Sure, it’s a cliché, but sometimes necessity really is the mother of invention. Or, at least, that’s how the Alabama Robotics Technology Park came about a few years ago in Decatur, Ala., according to Brooks Kracke, president and CEO of the North Alabama Industrial Development Association, and Rick Maroney, director of the technology park.
As the two tell it, a former governor was talking to a senior executive from a local manufacturing company that had been thinking of expanding his operations. At the time of the conversation, the executive was perturbed because his assembly line was down.
“Why don’t you get your maintenance guy to fix it?” the governor asked.
“I would but he quit, and we can’t find anyone else who knows how to fix it,” the executive complained, adding, “You promised me a trained workforce.”
Responding to necessity, the governor drew out on a napkin his idea for a robotics training center and sent it over to Maroney’s boss. The Alabama Robotics Technology Park opened for business in 2010.
And, there’s plenty of business. Northern Alabama has become a hot bed of manufacturing activity, home to established plants from Mercedes-Benz, Honda and Hyundai and a new Mazda Toyota plant that will need 4,000 employees when it is operating at full speed. In the northeastern part of the state, there’s distribution, with large Walmart, Target and Children’s Place distribution centers. All of these facilities will need trained maintenance technicians.
“The No. 1 issue before people locate here is: Where are my employees going to come from,” says Kracke. It’s not just a concern for today. “Our auto manufacturers view this as a 50-year lifecycle and they want to know they’re going to have employees over that 50-year period,” he says.
About 50% of the equipment in the technology center is owned by the vendors whose systems are used by area manufacturers, and they rotate that out as new equipment comes on line.
That has been part of the job of the North Alabama Industrial Development Association since it was founded in 1949 to create jobs in that part of the state. Increasingly, developing the skills needed on the job is one of the keys to industrial development.
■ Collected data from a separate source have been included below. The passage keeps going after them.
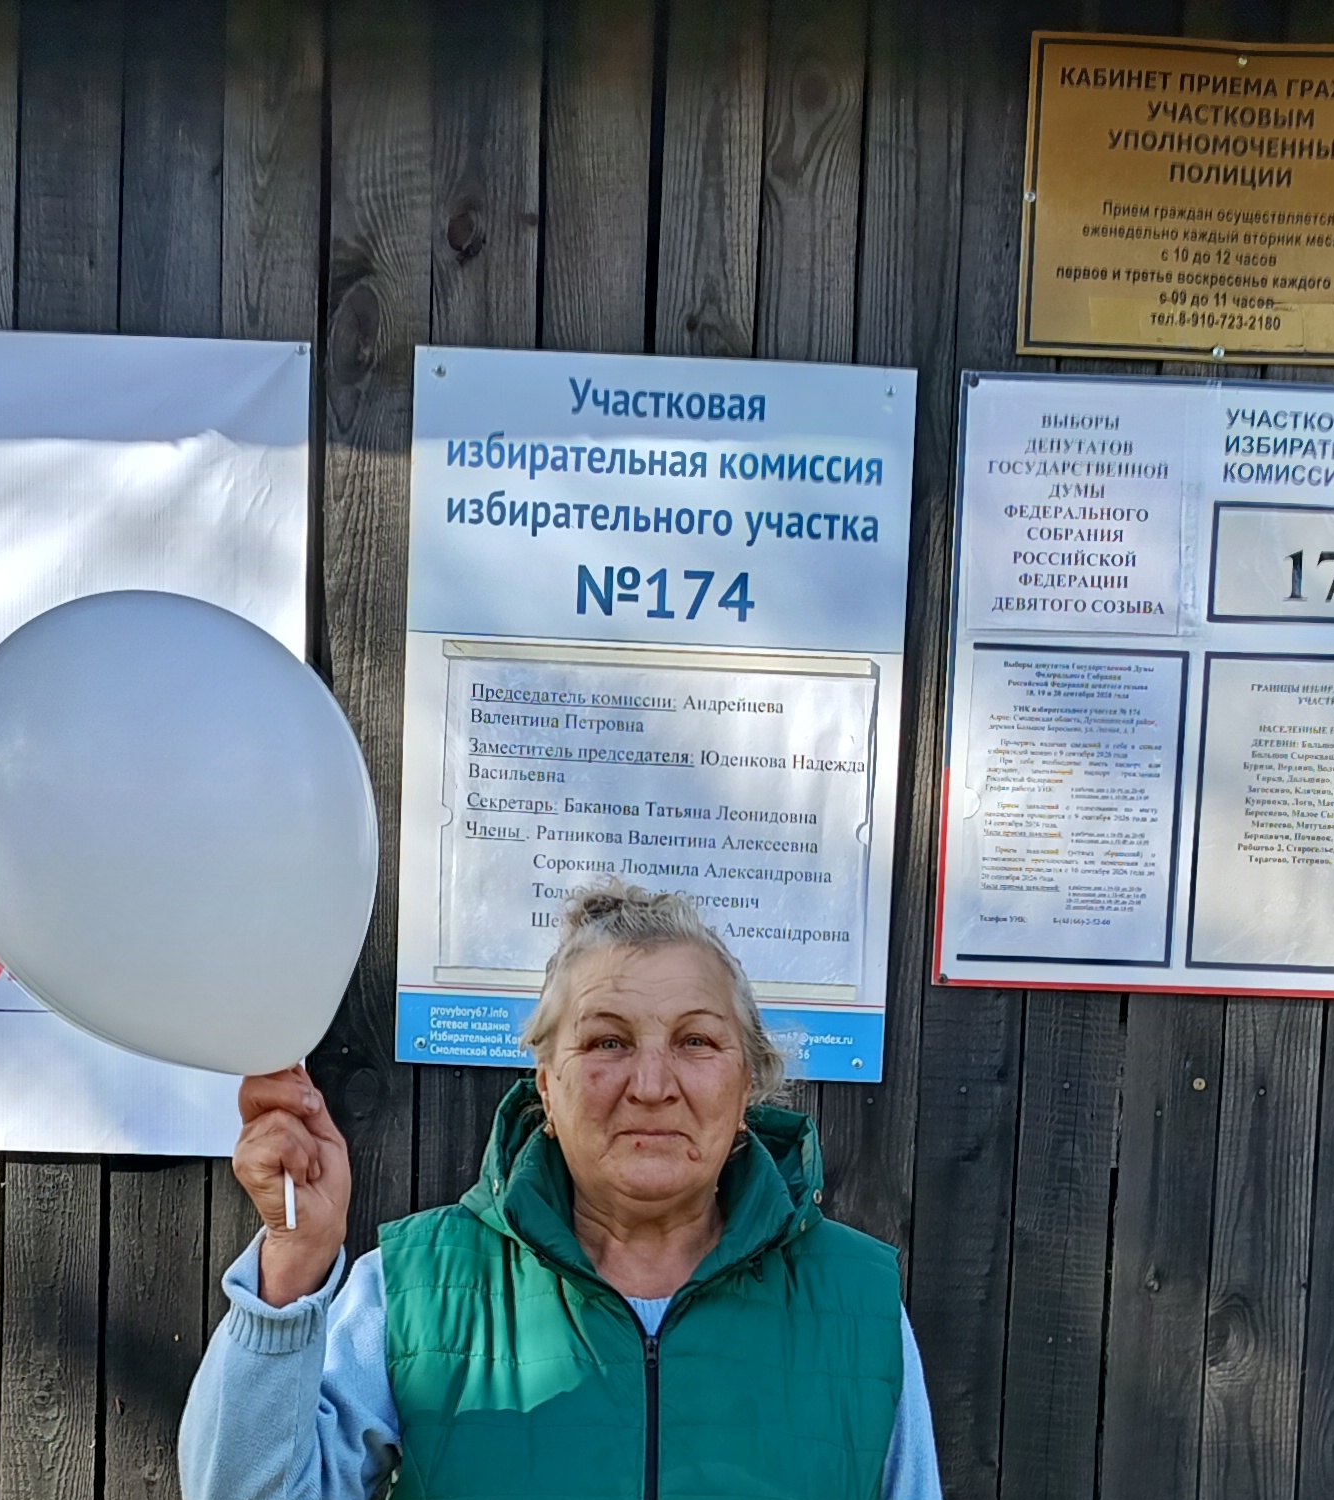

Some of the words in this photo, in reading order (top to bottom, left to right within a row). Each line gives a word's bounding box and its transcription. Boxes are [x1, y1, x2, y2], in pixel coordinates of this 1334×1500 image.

[1060, 66, 1170, 91] КАБИНЕТ
[1180, 73, 1277, 97] ПРИЕМА
[1147, 101, 1314, 129] УЧАСТКОВЫМ
[1170, 162, 1292, 189] ПОЛИЦИИ
[1155, 206, 1212, 224] граждан
[1082, 224, 1178, 242] еженедельно
[1183, 226, 1239, 246] каждый
[1243, 232, 1301, 250] вторник
[1161, 250, 1168, 261] с
[1173, 247, 1189, 262] 10
[1193, 250, 1210, 265] до
[1216, 249, 1231, 264] 12
[1236, 252, 1276, 266] часов
[1056, 265, 1107, 282] первое
[1112, 269, 1121, 280] и
[1125, 269, 1172, 286] третье
[1177, 272, 1267, 290] воскресенье
[1272, 276, 1330, 292] каждого
[1159, 294, 1166, 305] с
[1171, 291, 1187, 306] 09
[1191, 293, 1208, 309] до
[1214, 293, 1228, 307] 11
[1232, 296, 1274, 310] часов
[569, 376, 766, 422] Участковая
[1041, 413, 1120, 431] ВЫБОРЫ
[1025, 437, 1133, 457] ДЕПУТАТОВ
[447, 431, 707, 479] избирательная
[719, 451, 884, 486] комиссия
[988, 459, 1169, 480] ГОСУДАРСТВЕННОЙ
[1048, 482, 1105, 500] ДУМЫ
[447, 490, 733, 536] избирательного
[745, 509, 879, 546] участка
[1004, 504, 1149, 523] ФЕДЕРАЛЬНОГО
[1027, 526, 1124, 543] СОБРАНИЯ
[1012, 549, 1137, 568] РОССИЙСКОЙ
[1019, 572, 1129, 591] ФЕДЕРАЦИИ
[576, 564, 755, 622] №174
[991, 596, 1086, 615] ДЕВЯТОГО
[1091, 598, 1165, 616] СОЗЫВА
[1251, 683, 1300, 694] ГРАНИЦЫ
[471, 683, 587, 706] Председатель
[591, 691, 677, 712] комиссии:
[683, 694, 784, 716] Андрейцева
[471, 708, 559, 730] Валентина
[565, 713, 644, 735] Петровна
[468, 737, 573, 759] Заместитель
[578, 745, 695, 767] председателя:
[700, 749, 786, 771] Юденкова
[792, 753, 865, 776] Надежда
[468, 763, 565, 784] Васильевна
[467, 791, 558, 815] Секретарь:
[564, 797, 640, 818] Баканова
[645, 801, 711, 821] Татьяна
[716, 805, 817, 827] Леонидовна
[536, 825, 623, 846] Ратникова
[628, 829, 716, 850] Валентина
[722, 833, 818, 854] Алексеевна
[533, 853, 615, 876] Сорокина
[620, 857, 699, 880] Людмила
[704, 861, 832, 885] Александровна
[674, 889, 759, 910] Сергеевич
[724, 922, 850, 943] Александровна
[430, 1005, 508, 1019] provybory67.info
[430, 1018, 468, 1030] Сетевое
[471, 1022, 511, 1032] издание
[430, 1031, 502, 1044] Избирательной
[430, 1044, 487, 1057] Смоленской
[490, 1045, 527, 1058] области
Years ago, most potential employees in all likelihood honed their mechanical and technical skills at home, fixing farm equipment, working on a car in the garage or studying industrial arts in high school. They came to the factory with a baseline knowledge of how things worked. “Today’s kids don’t tinker anymore, and that’s a major issue,” Kracke notes.
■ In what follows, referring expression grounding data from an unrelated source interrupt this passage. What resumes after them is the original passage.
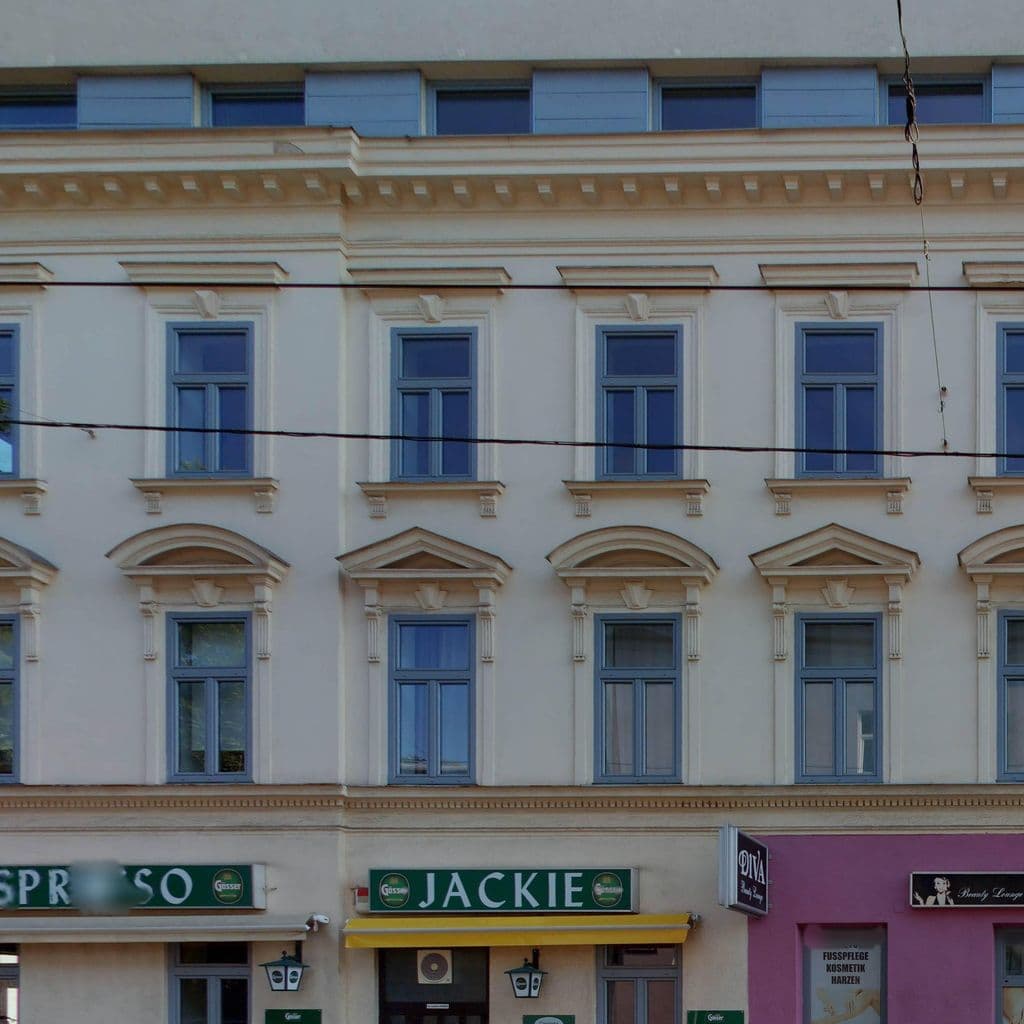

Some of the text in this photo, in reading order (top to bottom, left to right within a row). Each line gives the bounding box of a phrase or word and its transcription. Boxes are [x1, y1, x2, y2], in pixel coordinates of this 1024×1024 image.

[738, 849, 766, 885] DIVA
[418, 872, 583, 908] JACKIE
[823, 951, 869, 961] FUSSPFLEGE
[826, 964, 866, 973] KOSMETIK
[831, 976, 861, 985] HARZEN
The technology park fills part of that gap. It was built out in three phases. Phase one, opened in a 60,000-square-foot facility in 2010, was focused on the maintenance and operations of the robotics equipment found in a modern manufacturing plant. The facility also offers training in materials handling, welding, PLCs and controls, and safety. Phase two, opened in a separate 43,000-square-foot space in 2012, provides space for companies researching and developing autonomous vehicles. Then, a 52,000-square-foot facility opened in 2016 to provide space for startup incubation, and it also houses a training space for manual and automated paint systems used in manufacturing. It is also used by companies to install a new line to train associates before the line goes live in the plant.
About 50% of the equipment in the technology center is owned by the vendors whose systems are used by area manufacturers, and they rotate that out as new equipment comes on line. “According to our vendors, our facility is the only one like it in the world,”
For the most part, training is free to trainees and their employers. There are two ways to get into one of the training programs: The first is to be an employee of a company operating in Alabama; the second is to be enrolled at the University of Northern Alabama or Athens State University, the two educational institutions currently collaborating with the center. When there is available space, trainees from out of state can enroll in one of the programs for a fee.
Students can take basic, intermediate or advanced training. Courses of study include a mechanical class to learn how to tear down a robot, an electrical class to learn troubleshooting, a PLC class and a class on vision systems. Classes are OEM specific. “If your plant uses a Fanuc robot, your training will be on a Fanuc robot,” says Maroney. “If you use ABB, you’ll get an ABB curriculum or a curriculum for Cognex vision systems.”
Trainees leave with a 40-hour certification from RTP and a 32-hour certification from the OEM whose equipment they trained on. Safety classes, such as a focus on OSHA regulations or lift truck or overhead crane safety, are one to two days, depending on the subject matter. “We make sure that when a person gets a certification from us, they know what they’re doing when they go back to work,” Maroney says. In all, the center trains about 900 individuals a year.
In the future, the center will become the southern training facility for Fanuc and ABB robotic paint lines. “OEMs are struggling to find people who are qualified to run operate their systems, and its experience that gives you that application skill set,” says Kracke. “From our point of view, what we do at the technology center is one of the main incentives for companies to locate in the state of Alabama. Most of the prospect meetings for new companies considering Alabama are held at the RTP so we can showcase how we train talent.”